Enter AI. A team of researchers out of Edith Cowan University developed a neural network to analyze X-ray images for AAC build-up. After training, the neural network algorithm underwent a validation test on a dataset of about 5,000 images taken from real-world checkups. Its scores were compared with those separately provided by imaging specialists to determine accuracy.

The results showed that the AI arrived at the same score as the specialist — low, moderate, or high AAC — around 80% of the time.
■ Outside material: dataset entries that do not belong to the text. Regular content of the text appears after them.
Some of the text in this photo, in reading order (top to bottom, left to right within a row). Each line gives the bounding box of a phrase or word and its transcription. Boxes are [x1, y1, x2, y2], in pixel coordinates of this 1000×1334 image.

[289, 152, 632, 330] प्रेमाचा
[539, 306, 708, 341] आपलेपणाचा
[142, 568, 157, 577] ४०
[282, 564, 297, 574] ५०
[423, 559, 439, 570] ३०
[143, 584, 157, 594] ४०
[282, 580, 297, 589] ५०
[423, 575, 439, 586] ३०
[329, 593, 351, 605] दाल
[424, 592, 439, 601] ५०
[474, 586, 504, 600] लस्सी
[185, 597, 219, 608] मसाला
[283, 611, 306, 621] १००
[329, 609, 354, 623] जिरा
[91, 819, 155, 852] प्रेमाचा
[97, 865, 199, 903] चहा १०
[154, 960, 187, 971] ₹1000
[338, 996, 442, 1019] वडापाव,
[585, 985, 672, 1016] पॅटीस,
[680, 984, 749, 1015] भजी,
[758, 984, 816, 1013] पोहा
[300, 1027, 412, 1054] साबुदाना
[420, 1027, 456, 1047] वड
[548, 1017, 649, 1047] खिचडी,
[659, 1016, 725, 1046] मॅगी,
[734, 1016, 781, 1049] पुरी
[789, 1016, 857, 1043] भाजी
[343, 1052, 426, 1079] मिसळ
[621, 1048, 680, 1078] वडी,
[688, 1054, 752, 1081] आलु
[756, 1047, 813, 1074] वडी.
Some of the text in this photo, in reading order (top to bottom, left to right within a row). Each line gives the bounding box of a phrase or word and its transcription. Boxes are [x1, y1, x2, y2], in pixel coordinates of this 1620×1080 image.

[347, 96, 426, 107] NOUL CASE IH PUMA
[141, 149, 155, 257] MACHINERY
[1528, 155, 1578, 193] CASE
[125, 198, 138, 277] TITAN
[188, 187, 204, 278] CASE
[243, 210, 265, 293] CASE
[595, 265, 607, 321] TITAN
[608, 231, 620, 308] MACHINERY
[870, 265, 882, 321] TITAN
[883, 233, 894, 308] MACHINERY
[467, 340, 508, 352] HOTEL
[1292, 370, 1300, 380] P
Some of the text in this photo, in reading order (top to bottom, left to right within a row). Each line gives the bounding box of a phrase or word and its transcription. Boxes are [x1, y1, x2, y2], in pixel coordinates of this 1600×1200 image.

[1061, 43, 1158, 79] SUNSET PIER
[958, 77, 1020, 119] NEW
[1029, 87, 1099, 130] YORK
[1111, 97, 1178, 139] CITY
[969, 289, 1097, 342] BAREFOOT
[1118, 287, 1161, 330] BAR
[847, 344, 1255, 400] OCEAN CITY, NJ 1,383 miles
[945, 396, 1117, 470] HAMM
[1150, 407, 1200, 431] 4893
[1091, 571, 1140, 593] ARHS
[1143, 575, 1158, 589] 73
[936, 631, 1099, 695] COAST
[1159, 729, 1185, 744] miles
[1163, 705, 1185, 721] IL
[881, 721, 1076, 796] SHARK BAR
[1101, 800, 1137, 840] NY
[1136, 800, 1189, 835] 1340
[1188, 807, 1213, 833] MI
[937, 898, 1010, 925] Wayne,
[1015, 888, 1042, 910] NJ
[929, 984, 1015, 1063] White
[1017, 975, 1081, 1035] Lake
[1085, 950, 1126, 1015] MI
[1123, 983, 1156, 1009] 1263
The AI did incorrectly diagnose some people with having high AAC when they actually had low AAC; however, that mistake only occurred 3% of the time. Joshua Lewis, the study’s principal investigator and a Heart Foundation Future Leader fellow, called the results impressive for version 1.0 of the system while noting that there was room for improvement.

“Automated assessment of the presence and extent of AAC with similar accuracy to imaging specialists provides the possibility of large-scale screening for cardiovascular disease and other conditions — even before someone has any symptoms,” Lewis said in a press release

“This will allow people at risk to make the necessary lifestyle changes far earlier and put them in a better place to be healthier in their later years,” he added.

Importantly, the AI worked remarkably fast. According to the release, it takes a human specialist anywhere from 5-15 minutes to analyze a single image. At that rate, a human could potentially perform as many as 500 analyses a day (if they are really cranking them out). Conversely, the AI can scan such images at a blistering speed of 60,000 images a day.

“Since these images and automated scores can be rapidly and easily acquired at the time of bone density testing, this may lead to new approaches in the future for early cardiovascular disease detection and disease monitoring during routine clinical practice,” Lewis said. 

The research was published in eBioMedicine, a peer-reviewed, open-access medical journal published by The Lancet.

This will allow people at risk to make the necessary lifestyle changes far earlier and put them in a better place to be healthier in their later years

Joshua Lewis, Heart Foundation Future Leader fellow

Small changes, outsized impacts?

This AI is one of a multitude in development that might one day help doctors predict patients’ risk of developing various diseases. Other teams have been hard at work developing programs to diagnose breast and pancreatic cancer, as well as other methods for diagnosing various forms of heart disease. Each one could serve as an initial screening and help people understand their risk before they start having symptoms.

We’re still a long way off from the dream of an AI that can make complex diagnoses and prescribe treatments for a range of diseases without a human backing it up  — if that day comes at all. However, bespoke AI may soon help speed up routine processes, quickly manage backlogs, and give doctors more time to spend with patients instead of screens. All of which may be more valuable in the long run — and more realistic in the short.

As Dowling and Kenny pointed out years ago: “Sometimes the simplest technologies can make a significant difference in patient care.”